The broadcasting license of the Armenia TV station was put on a tender by the National Commission on Television and Radio, a regulatory body appointed by President Robert Kocharian. The overwhelming majority of its members found that the channel should retain the frequency because it submitted a better bid.
The A1+ owner and director, Mesrop Movsesian, pledged to invest $5 million in his channel within the next seven years. Armenia TV, which is reportedly owned and financed by U.S.-Armenian businessman Gerard Cafesjian, promised to raise at least $7 million.
“The proposals submitted by A1+, which envisage $5 million in investments, were baseless,” said the commission chairman, Grigor Amalian. “They offered no guarantees for such investments.”
The claims were brushed aside by Movsesian. “That means Mr. Amalian and his team didn’t read at all our proposals,” he said.
The A1+ boss blamed his defeat on Kocharian’s “personal hostility” towards Armenia’s only major television that had often aired criticism of his policies. “I therefore don’t give a damn about the decision made by the commission,” he said.
Armenia TV, for its part, declined a comment. It has a larger staff and is better equipped than A1+ which has struggled to remain afloat since being stripped of its own frequency by Amalian’s commission in April 2002. The A1+ shutdown was widely denounced by domestic and international media watchdogs. One of them, the New York-based group Freedom House, subsequently downgraded the Armenian media’s status from “partly free” to “not free.”

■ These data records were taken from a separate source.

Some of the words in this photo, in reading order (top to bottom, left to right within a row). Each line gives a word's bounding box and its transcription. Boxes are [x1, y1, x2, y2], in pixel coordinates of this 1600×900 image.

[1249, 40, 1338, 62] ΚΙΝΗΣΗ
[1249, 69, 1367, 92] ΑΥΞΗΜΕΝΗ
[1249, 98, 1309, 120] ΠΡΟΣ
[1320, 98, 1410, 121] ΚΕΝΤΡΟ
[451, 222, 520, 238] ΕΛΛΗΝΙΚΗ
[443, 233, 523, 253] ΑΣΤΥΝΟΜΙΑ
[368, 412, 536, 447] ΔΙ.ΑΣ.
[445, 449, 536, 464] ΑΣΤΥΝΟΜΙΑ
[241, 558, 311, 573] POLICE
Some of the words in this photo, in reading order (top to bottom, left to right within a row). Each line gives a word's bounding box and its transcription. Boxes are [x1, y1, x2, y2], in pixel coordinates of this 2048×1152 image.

The Cafesjian-sponsored channel, underscoring its loyal attitude to the authorities, strongly supported Kocharian in this year’s presidential elections along with virtually all other private networks.
Their election coverage was criticized by the Organization for Security and Cooperation in Europe and the Council of Europe which concluded in a report last February that Armenia’s functioning private broadcasters were “even more biased in favor of the incumbent” than the Kocharian-controlled state television.

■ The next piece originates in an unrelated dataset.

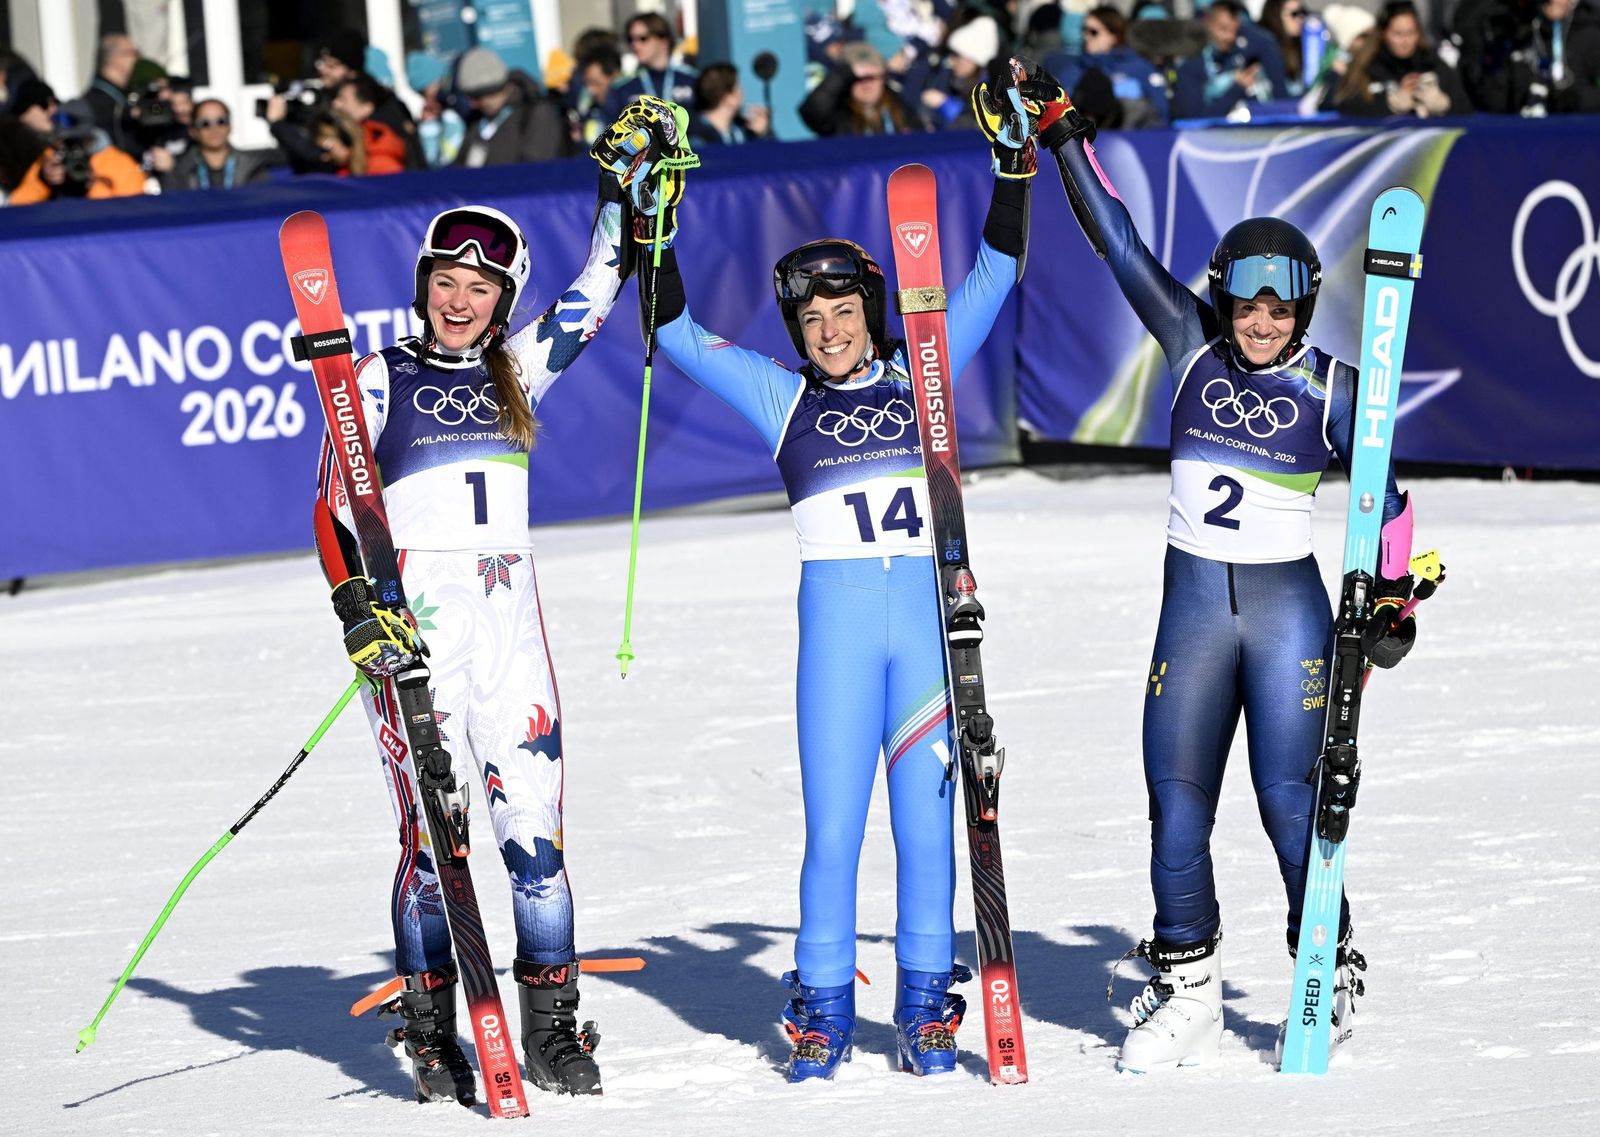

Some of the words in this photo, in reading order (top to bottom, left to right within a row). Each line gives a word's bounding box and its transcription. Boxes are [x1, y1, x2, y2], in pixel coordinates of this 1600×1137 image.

The Western observers also pointed to an “unusual” price-fixing agreement reached by state television, Armenia TV and four other private stations in the run-up to the elections. The six channels set the same price for campaign advertisements: $120 per minute. The practice is not banned by Armenian law.
A1+ was expected to have better chances of success in a separate tender for several other frequencies called by the broadcasting commission last October. However, the bidding has since been repeatedly postponed in dubious circumstances. It is still not clear when it will take place.
The Armenian authorities had assured the Council of Europe and European governments that A1+ will be given a chance to go back on air before this year’s presidential and parliamentary elections. Interviewed by RFE/RL in July 2002, Council of Europe Secretary General Walter Schwimmer said that the Yerevan government is “looking for a solution to the A1+ case” and that he is confident that “a positive solution will soon be found.”